Poole v. Harvey Motor Co.

PARKER, J.

This Court said in Frye & Sons, Inc., v. Francis, 242 N.C. 107, 86 S.E. 2d 790: “Similarly, a motion for new trial on the ground of new evidence, discovered during the trial term, is addressed to the discretion of the trial judge, and his decision, whether granting or refusing the motion, is not reviewable in the absence of an abuse of discretion. Farris v. Trust Co., 215 N.C. 466, 2 S.E. 2d 363; Bullock v. Williams, 213 N.C. 320, 195 S.E. 791; Fleming v. R. R., 168 N.C. 248, 84 S.E. 270; Carson v. Dellinger, 90 N.C. 226.”

“A motion for new trial on the ground of new evidence, discovered during the trial term, is addressed to the discretion of the trial judge, and his decision, whether granting or refusing to grant the new trial, when made in the exercise of such discretion, is not ordinarily subject to review.” Farris v. Trust Co., 215 N.C. 466, 2 S.E. 2d 363.

Appellants’ contention is that there was an abuse of discretion by Judge Mintz, for the reason that plaintiff in her motion for a new trial on the ground of newly discovered evidence has made an insufficient showing to invoke a discretionary ruling in her behalf by Judge Mintz.

Three eyewitnesses testified about the collision: Carson R. Poole, husband of plaintiff, and Kenneth Hugh Hill, a defendant, and John DeVane, an employee of Harvey Motor Company, Inc., another defendant.
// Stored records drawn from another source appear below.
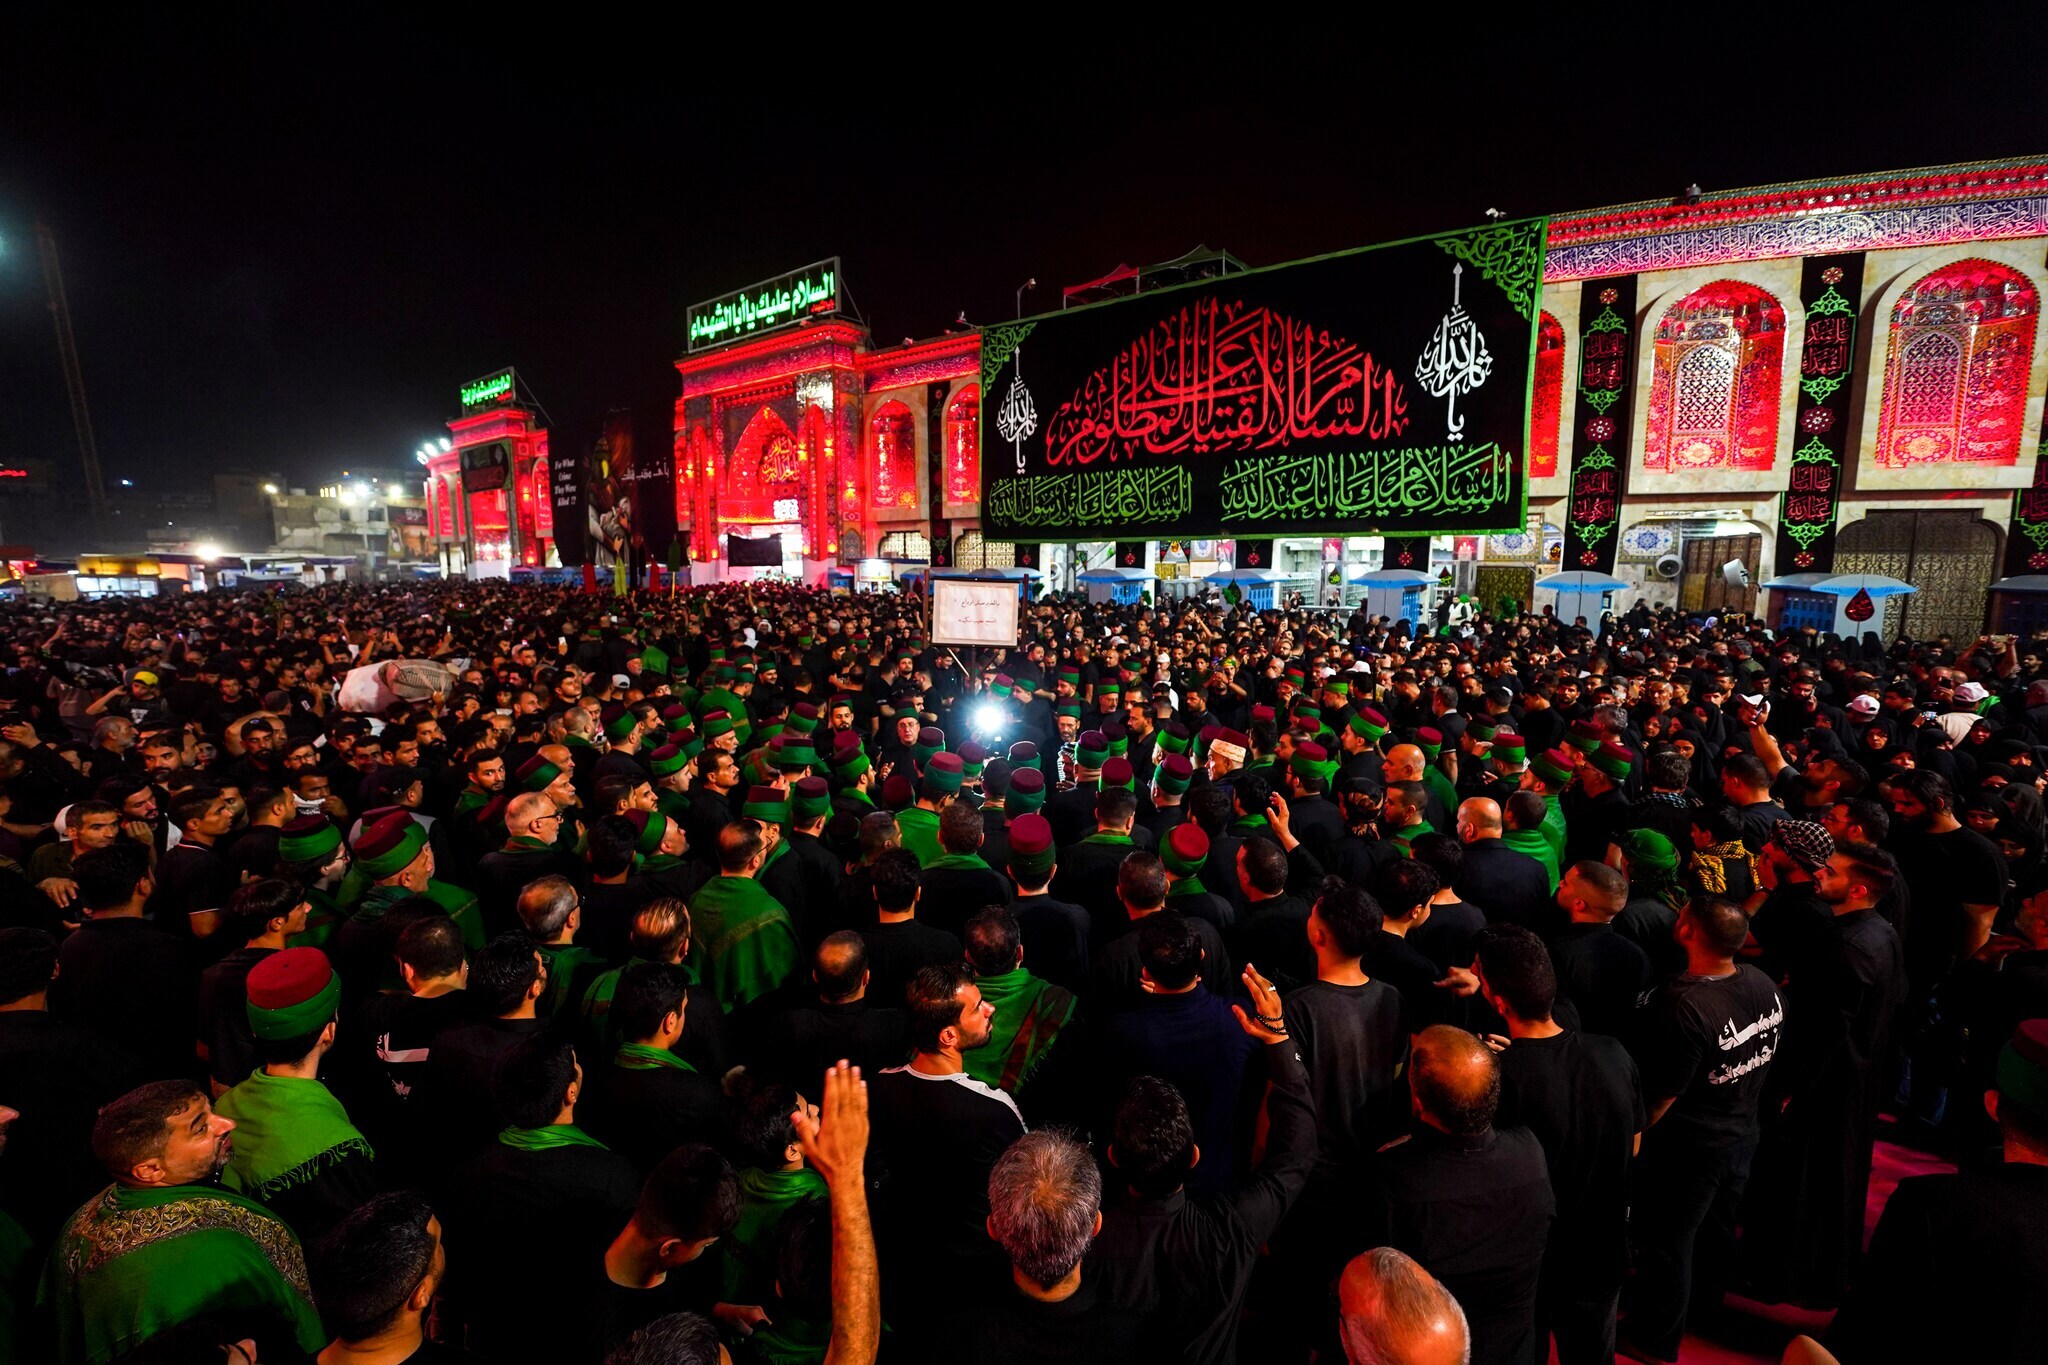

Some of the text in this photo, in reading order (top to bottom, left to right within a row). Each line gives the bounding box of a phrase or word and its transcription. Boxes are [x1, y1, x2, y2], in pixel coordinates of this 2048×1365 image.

[756, 288, 791, 323] عليك
[792, 271, 834, 315] السلام
[690, 302, 732, 341] الشهداء
[1046, 299, 1216, 466] المظلوم
[1252, 316, 1402, 450] السلام
[989, 478, 1018, 518] الله
[1077, 471, 1140, 524] عليك
[1106, 466, 1192, 523] السلام
[1220, 459, 1263, 511] الله
[1335, 450, 1432, 517] عليك
[1380, 443, 1513, 514] السلام
[1718, 992, 1783, 1051] لبيك
The written statement of George I. Ford, who is apparently a disinterested witness, is that he was sitting in his automobile parked on the north side of Woodview Road about 50 feet east of the intersection in which the collision here occurred, and saw the collision. That plaintiff’s automobile entered the intersection first, and that as her automobile approached the intersection he saw the automobile which struck her automobile as it came off of Jones (Carey) Road into Stockton Road at a speed sufficient to cause the tires to squeal as he turned into Stockton Road, and as he traveled southwardly on Stockton Road the station wagon he was driving veered to the left and then back to the right and was traveling at least 40 to 45 miles per hour as it entered the intersection of Stockton Road and Woodview Road. Plaintiff’s automobile in the collision was knocked southwardly some several feet from the point of impact, and Carson R. Poole was thrown from the automobile on to the street. The operator of the station wagon said in his presence he did not see plaintiff’s automobile before he struck it.
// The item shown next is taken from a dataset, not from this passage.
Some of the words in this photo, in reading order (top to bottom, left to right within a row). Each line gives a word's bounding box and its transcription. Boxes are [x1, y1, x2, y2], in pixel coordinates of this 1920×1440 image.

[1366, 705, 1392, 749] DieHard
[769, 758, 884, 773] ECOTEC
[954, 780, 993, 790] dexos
*566The prerequisites to the granting of a motion for a new trial for newly discovered evidence are set forth fully in Johnson v. R. R., 163 N.C. 431, 79 S.E. 690; Brown v. Hillsboro, 185 N.C. 368, 117 S.E. 41; Brown v. Sheets, 197 N.C. 268, 148 S.E. 233; S. v. Casey, 201 N.C. 620, 161 S.E. 81; Love v. Queen City Lines, 206 N.C. 575, 174 S.E. 514.
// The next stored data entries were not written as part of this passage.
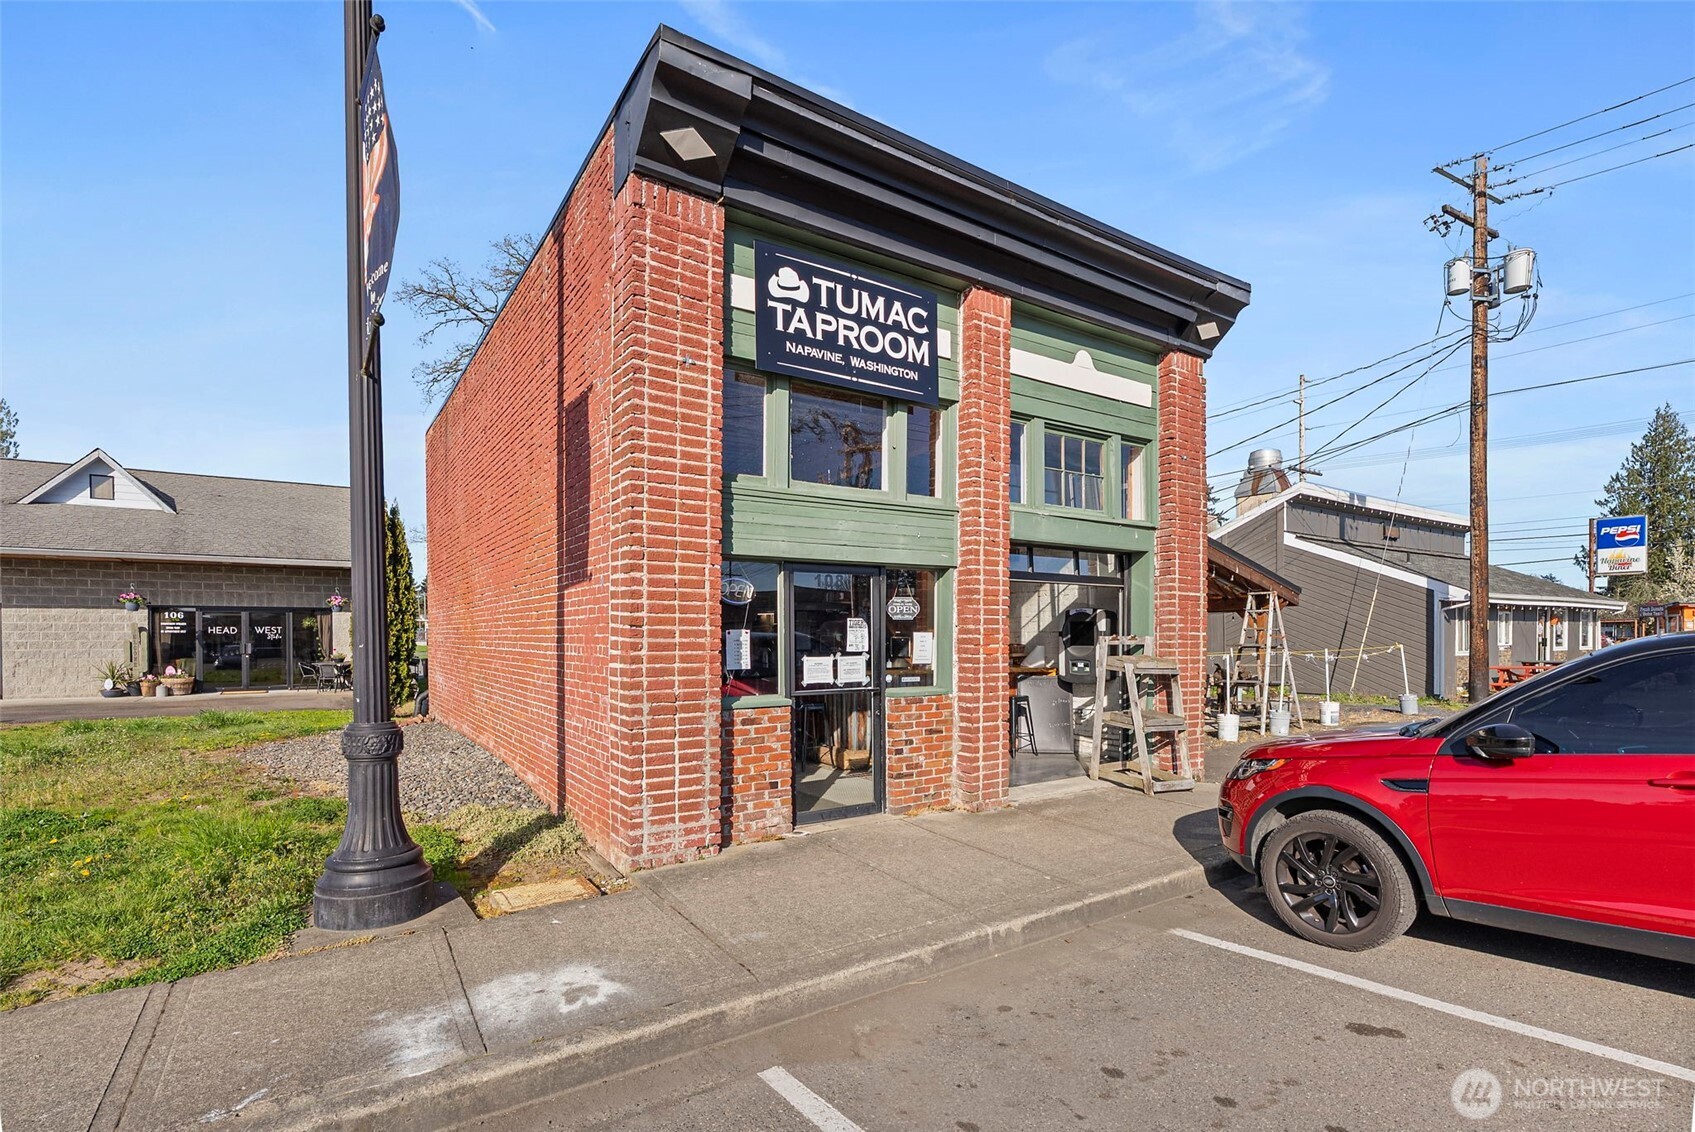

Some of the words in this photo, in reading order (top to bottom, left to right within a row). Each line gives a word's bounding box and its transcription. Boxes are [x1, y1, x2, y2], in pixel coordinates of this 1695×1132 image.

[812, 275, 929, 334] TUMAC
[767, 298, 930, 367] TAPROOM
[786, 341, 845, 366] NAPAVINE,
[850, 355, 918, 381] WASHINGTON
[1600, 524, 1641, 536] PEPSI
[164, 611, 184, 619] 106
[888, 605, 918, 614] OPEN
[208, 626, 238, 635] HEAD
[254, 626, 283, 634] WEST
The new evidence here, presented by plaintiff at the trial term and before judgment entered, goes to the heart of the case, to wit, the collision of the two automobiles. An examination of the affidavits offered by plaintiff in support of her motion shows compliance with -the required tests. When compared with the evidence introduced at the trial of the case in the superior court, it appears that the newly discovered evidence is not merely cumulative, and it does not tend only to contradict a former witness or witnesses, or to impeach or contradict him or them. No one could possibly be so well advised as to the justice and propriety of granting or refusing a motion for a new trial for newly discovered evidence as the judge who has just heard the facts developed in the trial. Plaintiff has made out a showing of newly discovered evidence sufficient in law to invoke the discretionary ruling here of Judge Mintz at the trial term. No abuse of discretion on his part is shown.

The discretionary order of Judge Mintz, setting aside the verdict and granting a new -trial on the ground of newly discovered evidence at the trial term, is

Affirmed.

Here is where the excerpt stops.